PyMathML

PyMathML is a Python package to create MathML expressions programatically.

The present version of PyMathML is restricted to Presentation MathML (see MathML specifications, chapter 3).

MathML is extremely verbose; with PyMathML, concise, pythonic expressions are converted to valid, well-formed MathML code. For example, the following snippet:

from pymathml import *
from pymathml.utils import *

a, b = identifiers('a', 'b')
expr = a**2+2*a*b+b**2

defines the mathematical expression a²+2ab+b². PyMathML then produces the following MathML code

print(expr)

<mrow><mrow><msup><mi>a</mi><mn>2</mn></msup><mo>+</mo><mrow><mrow><mn>2</mn><mo>⁢</mo><mi>a</mi></mrow><mo>⁢</mo><mi>b</mi></mrow></mrow><mo>+</mo><msup><mi>b</mi><mn>2</mn></msup></mrow>

This code is released under a BSD 3-clause "New" or "Revised" License. It is open to contributions.

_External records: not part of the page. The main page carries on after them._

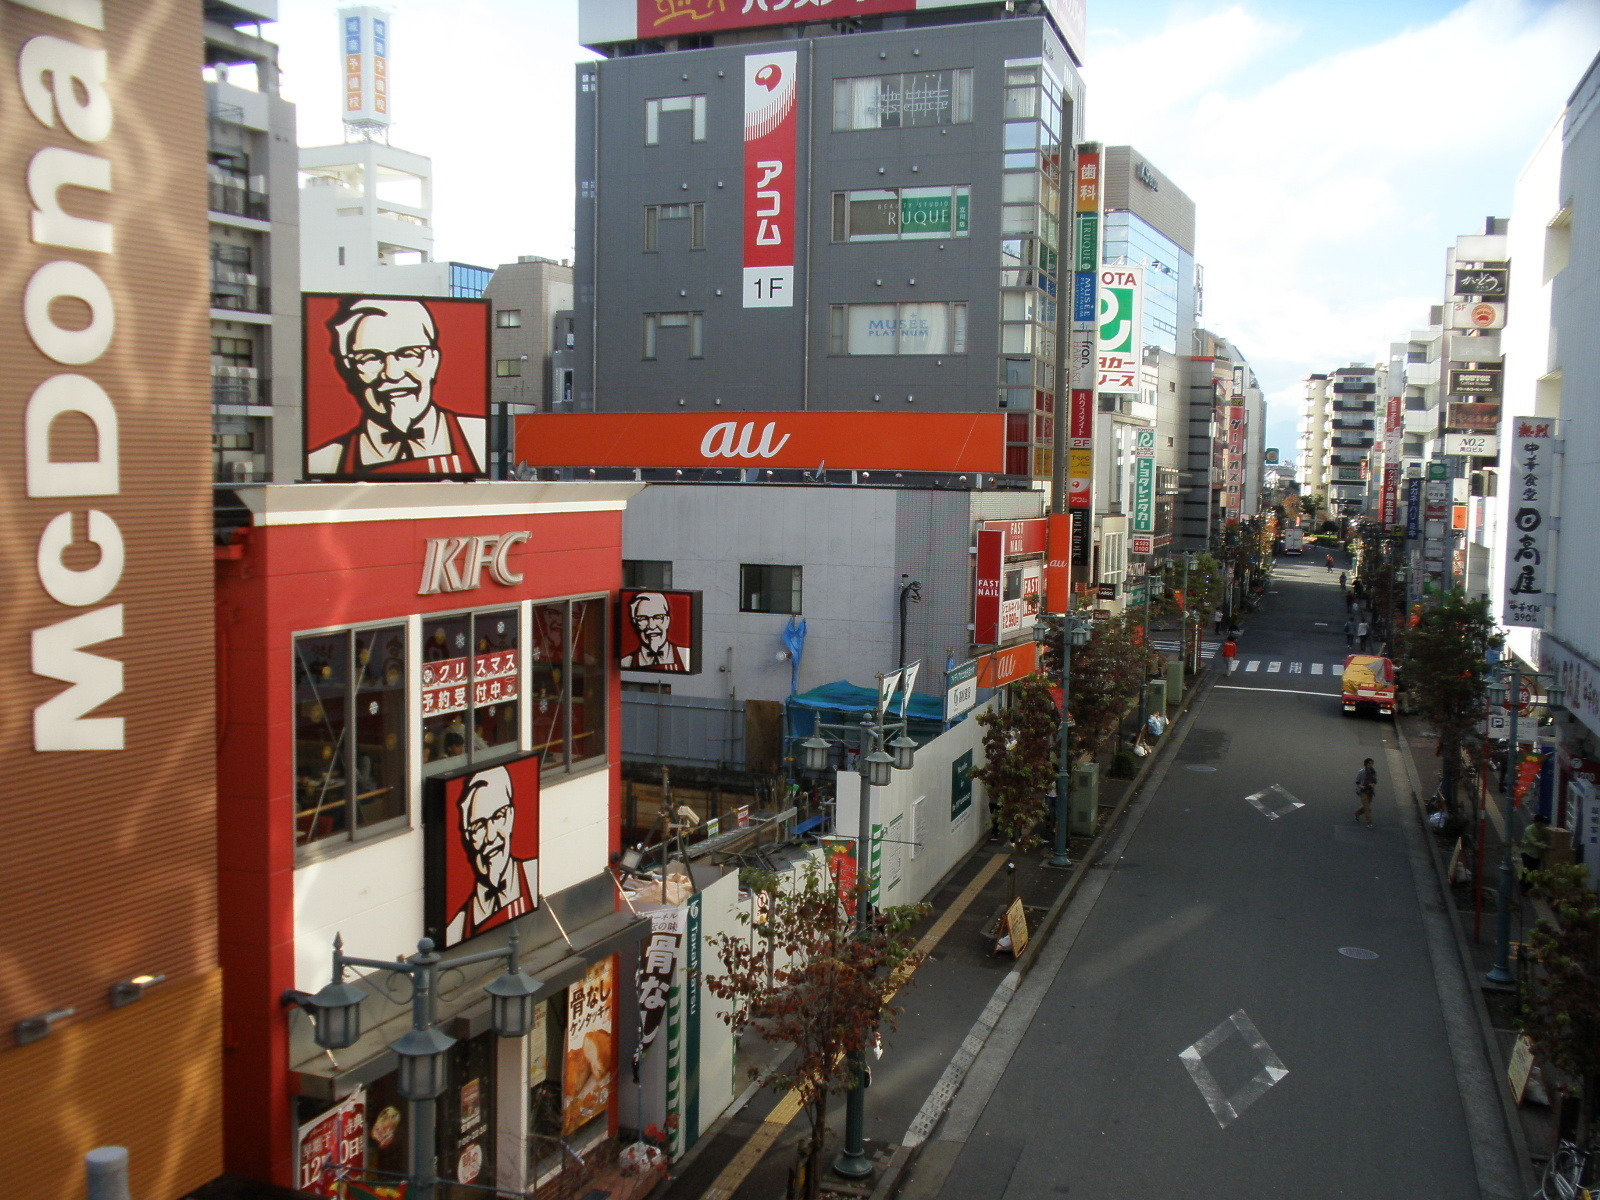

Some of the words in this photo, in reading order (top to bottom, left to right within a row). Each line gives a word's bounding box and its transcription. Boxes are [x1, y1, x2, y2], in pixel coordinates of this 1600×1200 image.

[1081, 164, 1096, 200] 歯科
[756, 160, 783, 246] アコム
[882, 209, 949, 226] RUQUE
[1083, 221, 1091, 260] TRUQUE
[754, 278, 784, 299] 1F
[1455, 304, 1467, 312] 3F
[701, 420, 791, 459] au
[1517, 421, 1550, 439] 熱烈
[1523, 443, 1540, 502] 中華食堂
[1137, 459, 1150, 529] トヨタレンタカー
[1011, 522, 1024, 535] FAST
[1010, 540, 1023, 552] NAIL
[1509, 507, 1542, 595] 日高屋
[418, 531, 532, 594] KFC
[1050, 559, 1068, 568] au
[978, 579, 999, 588] FAST
[978, 588, 999, 596] NAIL
[1024, 577, 1038, 594] FAST
[439, 654, 516, 682] クリスマス
[998, 653, 1016, 680] au
[422, 681, 501, 712] 予約受付中
[570, 979, 612, 1020] 骨なし
[640, 934, 678, 1044] 骨なし
[569, 1005, 612, 1036] ケンタッキー

To install PyMathML, clone this repository and issue the following command:

python setyp.py install

The remainder of this page is a tutorial. It is organized as follows:

Converting PyMathML expressions to MathML
Basic MathML elements
- Token elements
- Non-token elements
Building complex expressions with special methods
Mathematical operations
Convenience functions

This README.md is the Markdown export of a Jupyter Notebook which can be found in the docs/ directory of this repository.

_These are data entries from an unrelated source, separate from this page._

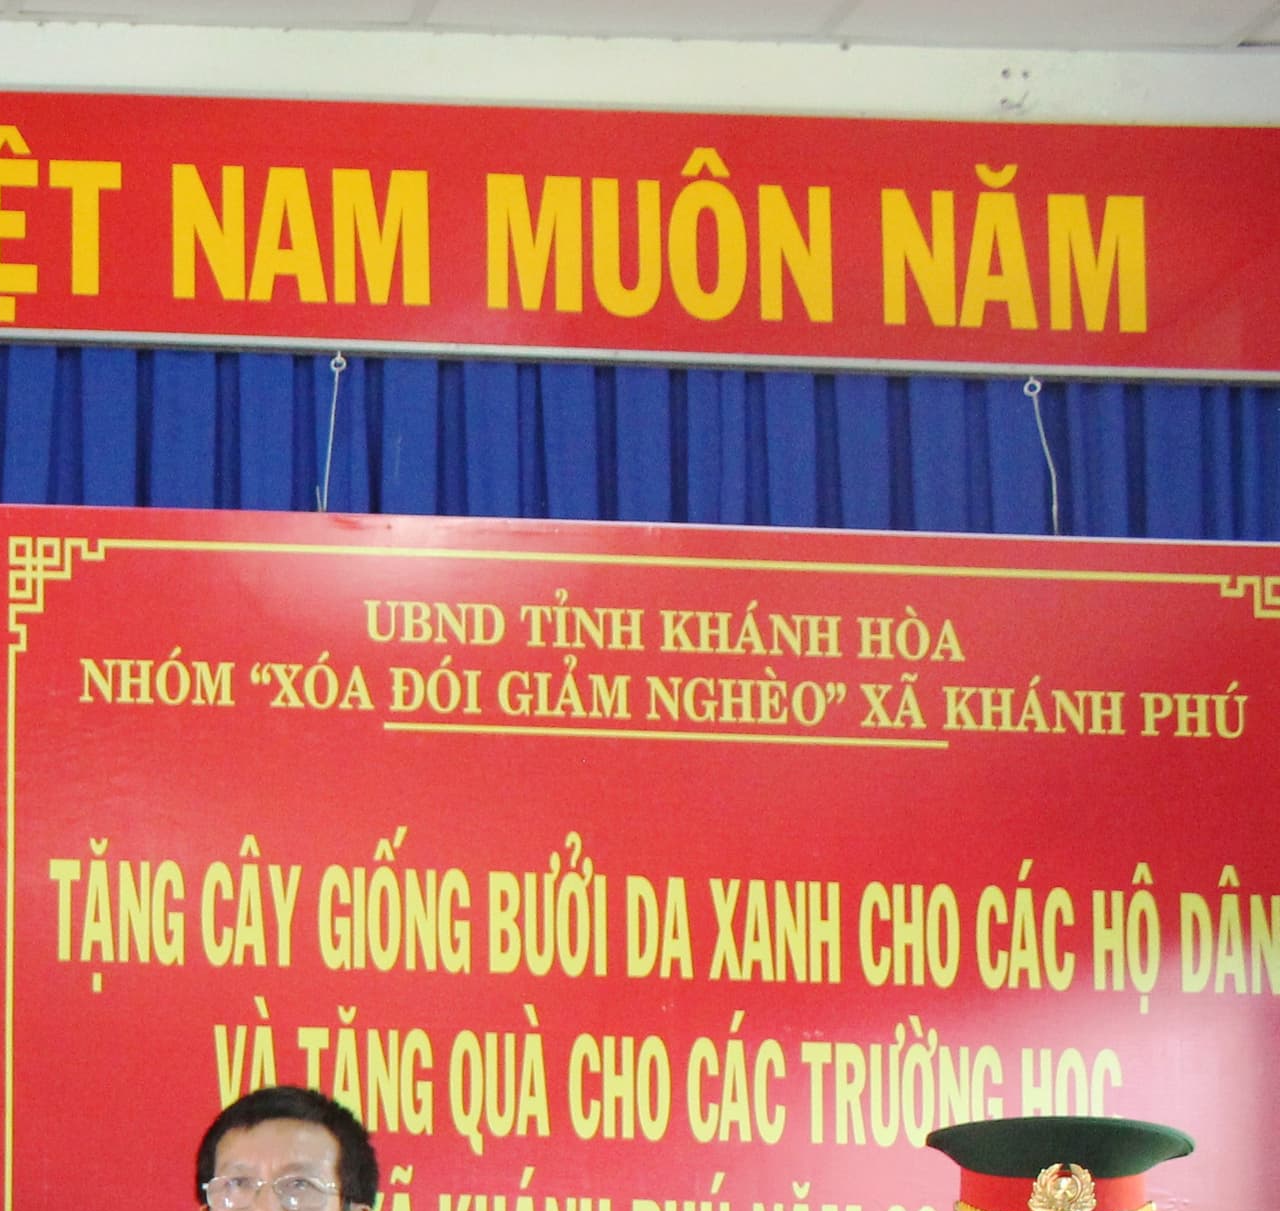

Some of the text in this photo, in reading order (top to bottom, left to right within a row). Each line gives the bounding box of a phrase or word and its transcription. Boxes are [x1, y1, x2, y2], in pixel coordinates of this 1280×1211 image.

[174, 166, 431, 306] NAM
[488, 150, 834, 322] MUÔN
[883, 166, 1147, 333] NĂM
[81, 648, 235, 707] NHÓM
[391, 656, 482, 715] ĐÓI
[498, 655, 632, 719] GIẢM
[861, 673, 927, 730] XÃ
[944, 677, 1125, 736] KHÁNH
[1142, 683, 1248, 740] PHÚ
[365, 589, 966, 663] UBND TỈNH KHÁNH HÒA
[49, 827, 1280, 1014] TẶNG CÂY GIỐNG BƯỞI DA XANH CHO CÁC HỘ DÂN
[214, 996, 278, 1110] VÀ
[450, 1005, 552, 1157] QUÀ
[569, 1034, 672, 1143] CHO
[687, 1011, 788, 1146] CÁC
[801, 1016, 1005, 1149] TRƯỜNG
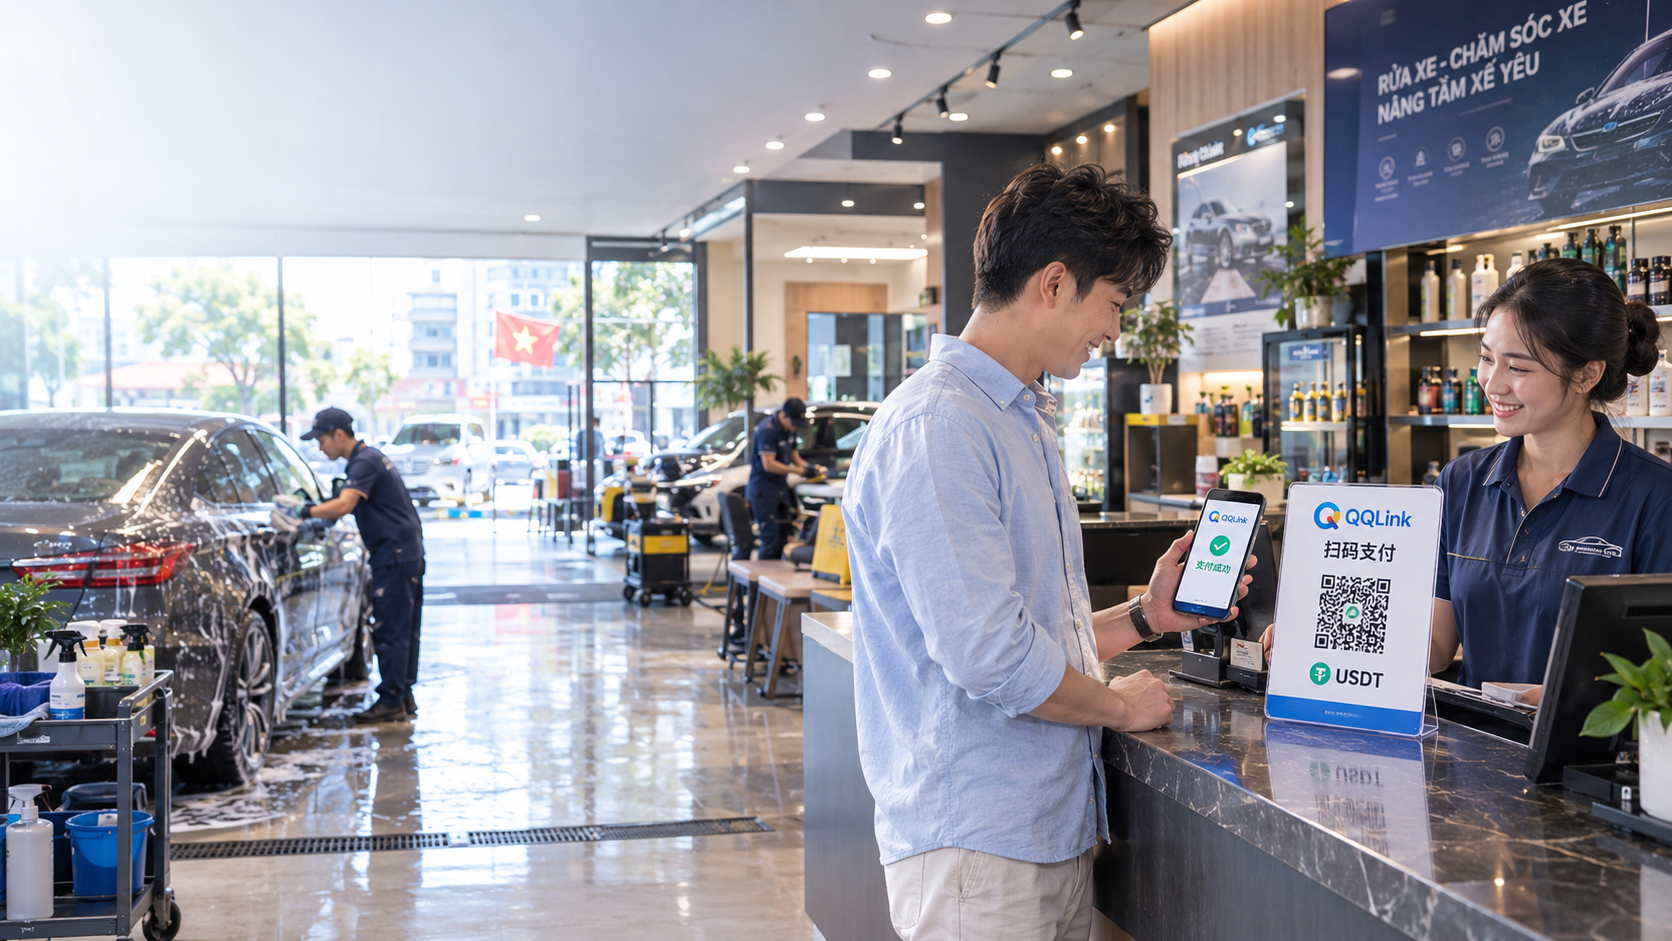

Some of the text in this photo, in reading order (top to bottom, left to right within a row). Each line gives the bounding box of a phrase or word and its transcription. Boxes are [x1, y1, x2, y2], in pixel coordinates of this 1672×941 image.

[1378, 63, 1412, 96] RỬA
[1415, 55, 1438, 83] XE
[1449, 31, 1505, 70] CHĂM
[1510, 13, 1553, 49] SÓC
[1557, 0, 1588, 33] XE
[1377, 91, 1425, 125] NÂNG
[1470, 58, 1498, 95] XẾ
[1499, 51, 1540, 84] YÊU
[1221, 514, 1248, 525] QQLink
[1345, 508, 1412, 528] QQLink
[1323, 540, 1396, 563] 扫码支付
[1335, 668, 1384, 689] USDT

import inspect # This will be used below

Converting PyMathML expressions to MathML

Let us define a basic PyMathML expression:

a, b, c, x = identifiers('a', 'b', 'c', 'x')
expr = a*x**2+b*x+c # ax²+bx+c

Then str(expr) returns its MathML representation:

str(expr)

'<mrow><mrow><mrow><mi>a</mi><mo>\u2062</mo><msup><mi>x</mi><mn>2</mn></msup></mrow><mo>+</mo><mrow><mi>b</mi><mo>\u2062</mo><mi>x</mi></mrow></mrow><mo>+</mo><mi>c</mi></mrow>'

PyMathML expressions can be displayed (using MathJax) in Jupyter notebooks (note: owing to limitations of Github Flavored Markdown, you really need to execute the Jupyter Notebook in the docs/ directory to see the output of this cell properly).

expr

a⁢x2+b⁢x+c

expr.tomathml() returns the MathML representation of expr as an Element from the xml.etree.ElementTree module in the standard library:

mml = expr.tomathml()
type(mml)

xml.etree.ElementTree.Element

which can then be converted to XML as follows:

import xml.etree.ElementTree as ET

print(ET.tostring(mml, encoding='unicode'))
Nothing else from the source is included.